WHEN France’s tourism minister Olivia Gregoire earlier this week bemoaned overtourism in her country and set out steps to tackle the issue it chimed with similar problems on the other side of the Auld Alliance.

As we veer towards the summer holidays overtourism in Scotland rears its congested head again, kicking off debate about what we can do to make tourism work both for visitors and local communities.

As a freelance travel writer who has spent the last two decades working my way around the globe, I see overtourism all over, from the sweaty streets of a Venetian summer, through to the Croatian hotspot of Dubrovnik, where I avoid going into the old town between late morning and early evening when the cruise ship passengers and Games of Thrones devotees descend. And then there is clogged Barcelona, a city break star groaning under the weight of overtourism.

We have our own pressure points in Scotland. Skye – one of Europe’s most beguiling islands – often becomes the lightning rod for frustration. If you want to hurl headlong into the overtourism debate just mention the Fairy Pools to a resident.

But overtourism is not just limited to the largest island in the Inner Hebrides. Edinburgh’s Old Town can be hellish in August; Luss, too, on sunny summer days. Even the Northern Isles are not spared – try to experience Skara Brae and the Ring of Brodgar when cruise ships, motorhomes and day trippers create an unholy trinity. And we’ve not even touched on the North Coast 500 and issues surrounding motorhomes.

I’m part of the problem. A lot of the media understandably want to cover the places people go most often, so I’m regularly commissioned by London-based editors to write about them.

People go and the media responds to demand. And round we go again. Popular culture is a factor, too, with Outlander fuelling the Skye surge. Historically there was a Braveheart bounce and Local Hero still draws people to Pennan and the Sands of Morar.

COVID has also had a role. When we were freed from lockdown, but couldn’t go abroad many Scots chose to explore their own land, as did visitors from the rest of the UK.

The dreaded staycation put more pressure on popular points and created new areas of stress, generating media stories of poor tourist behaviour. As we eke beyond Covid, staycations seem here to stay as the rest of the UK realised what Scotland offers.

Tourism can be a force for good in many ways, least not financially for our country, but how do we manage tourism, and specifically overtourism? We could slap on a negative headline grabbing tourist tax, take drastic measures like Venice with one-way walkways, or copy France with advance booking to visit the Calanques. But are there less-blunt-force ways to tackle overtourism?

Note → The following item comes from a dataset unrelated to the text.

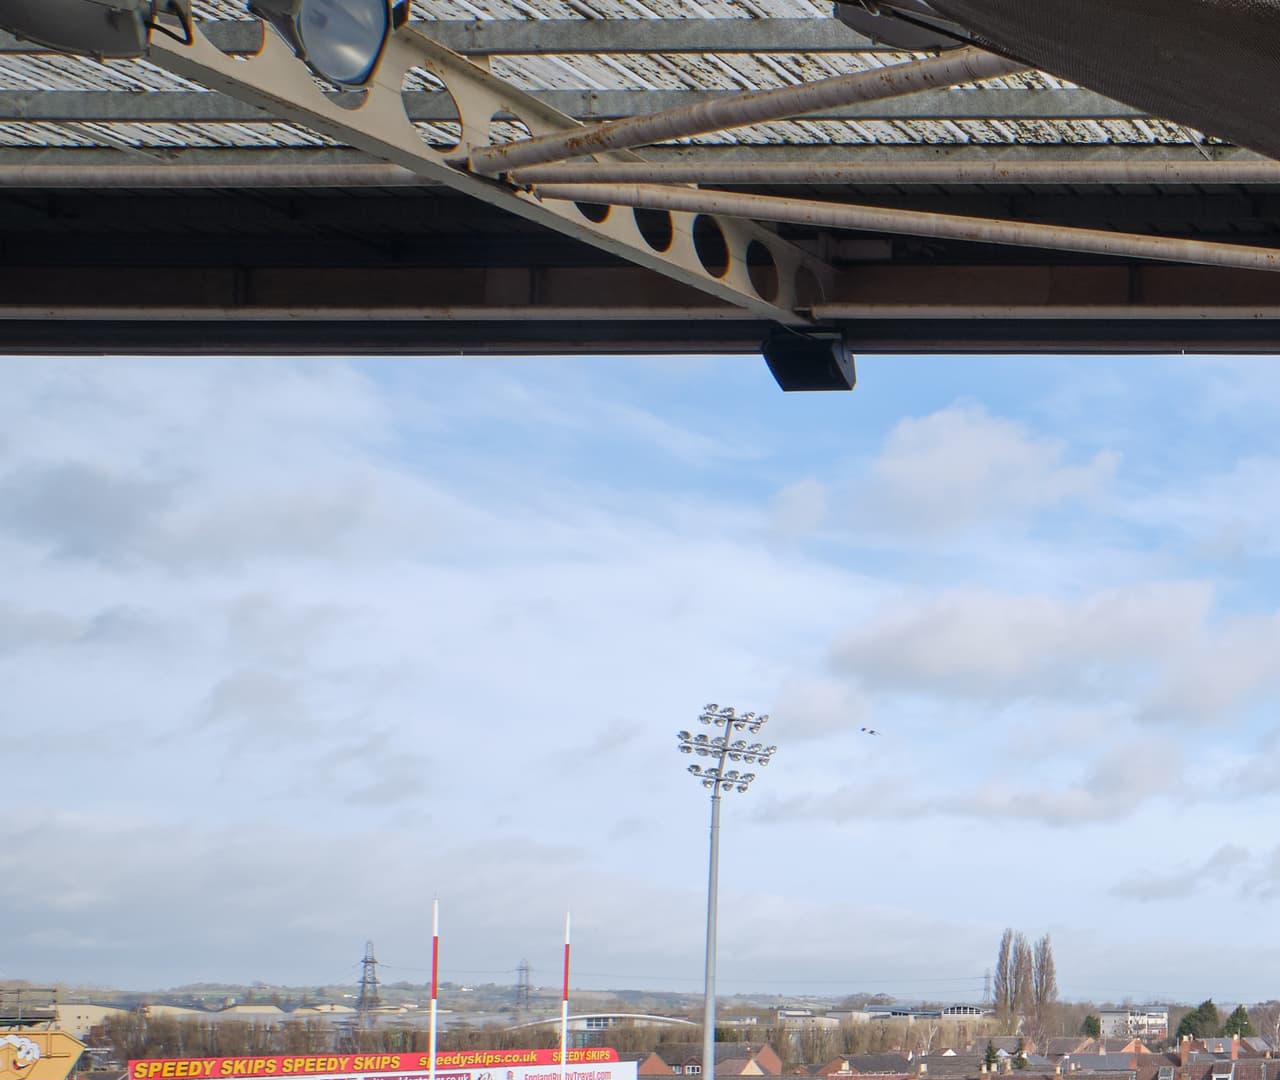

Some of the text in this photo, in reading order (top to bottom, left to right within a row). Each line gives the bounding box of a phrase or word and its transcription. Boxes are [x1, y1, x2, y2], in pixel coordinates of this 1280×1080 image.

[586, 1050, 610, 1061] SKIPS
[134, 1056, 400, 1079] SPEEDY SKIPS SPEEDY SKIPS

READ MORE: Stephen Kerr to run in next Westminster election despite being an MSP

I have talked a lot to VisitScotland and they are keen to stress dispersal: encouraging visitors to go to less obvious places.

So if you’ve already been to Skye how about slipping just south to the Small Isles? Fancy a medieval old town? Well, swap the Royal Mile for Dunfermline, our newest city.

In tandem with dispersal, there has been talk about education and awareness. This is about remembering we might think places are remote or romantic but real people live real lives there.

So respect becomes key. I often describe it as imagining a tourist came into your local pub, shop or parked in your street. How would you want them to behave?

There is much talk about overtourism, but often it ends there as just talk. Community tourism network SCOTO is taking things a step further encouraging us all to be “temporary locals”. We show respect and put money directly into local communities; in return we savour richer, more engaged experiences.

SCOTO launched a new website this month (www.Belocal.scot), which flags up the work of these community groups across Scotland. There is everything from a Roman museum in Melrose, through to a hostel in Callander where your cash is used to help struggling younger people.

One of the most impressive SCOTO groups is a model for how tourism issues can be tackled in a positive way. The Isle of Eigg Heritage Trust joins the dots on its community-owned island. Yes there can be a lot of tourists in summer, but they benefit Eigg.

Last year we stayed in a camping pod knowing our cash went into the community. The same goes at the shops and cafe in the An Laimhrig centre. Even the £2 I paid contactless for a shower in the 100% green electricity toilet block benefits Eigg.

Eigg Adventures are on hand too with a fleet of green Eigg energy powered e-bikes to disperse tourists around their glorious island. Eigg is a microcosm that could be worked into strategies in other tourist spots across Scotland.